Piroxicam concentrations in plasma and synovial fluid after a single dose of piroxicam-beta-cyclodextrin
Bannwart, B.; Bertin, P.; Péhourcq, F.; Schaeverbeke, T.; Gillet, P.; Lefrançois, G.; Trèves, R.; Dehais, J.; Netter, P.; Gaucher, A.
International Journal of Clinical Pharmacology and Therapeutics 39(1): 33-36
2001
ISSN/ISBN: 0946-1965 PMID: 11204935 Document Number: 535026
Aims: The efficacy of non-steroidal anti-inflammatory drugs (NSAIDs) in rheumatic diseases depends on their concentrations within the joint. We determined piroxicam concentrations in plasma and synovial fluid (SF) after a single oral dose of 20 mg in the form of one tablet of piroxicam-beta-cyclodextrin. Methods: 45 patients, aged 21 to 84 years, presenting with an effusion of the knee, related to degenerative or inflammatory joint disease, were included in this study after having given their written consent. One blood and one SF sample were drawn concomitantly in each patient from 0.5 to 48 h after NSAID administration. Piroxicam assays were performed by high performance liquid chromatography.
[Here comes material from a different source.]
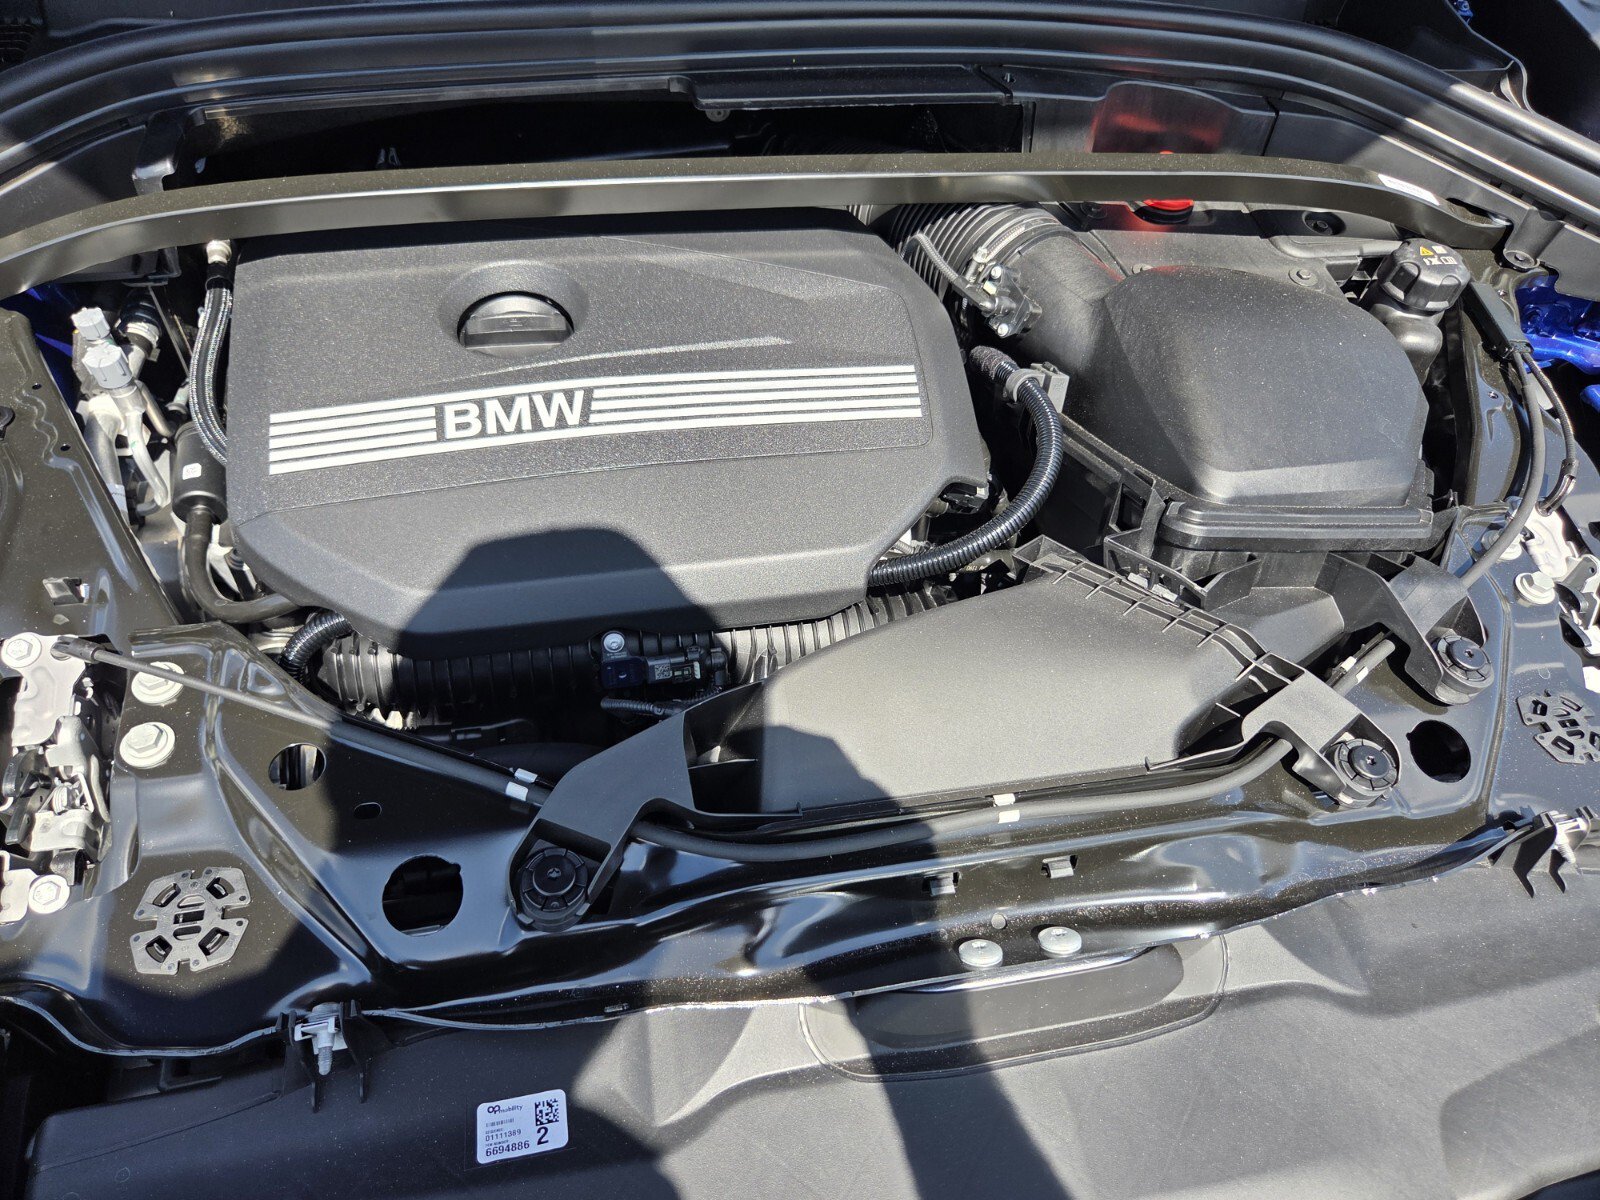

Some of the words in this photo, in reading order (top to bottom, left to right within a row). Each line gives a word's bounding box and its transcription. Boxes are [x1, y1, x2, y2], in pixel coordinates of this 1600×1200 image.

Pharmacokinetic parameters were obtained from the mean plasma and synovial concentrations measured at various sampling times. Results: The peak concentration was higher in plasma (2.51 +- 0.25 mug/ml) than in SF (1.31 +- 0.76 mug/ml), but the elimination half-life was much longer in SF (90.7 h) than in plasma (32.5 h). The SF/plasma area under the concentration-time curve ratio (evaluating the quantity of NSAID transferred from the blood to the joint) was equal to 0.39. Conclusions: Piroxicam contained in piroxicam-beta-cyclodextrin diffused well into the SF where its pharmacokinetic profile corresponded to that of a long half-life NSAID.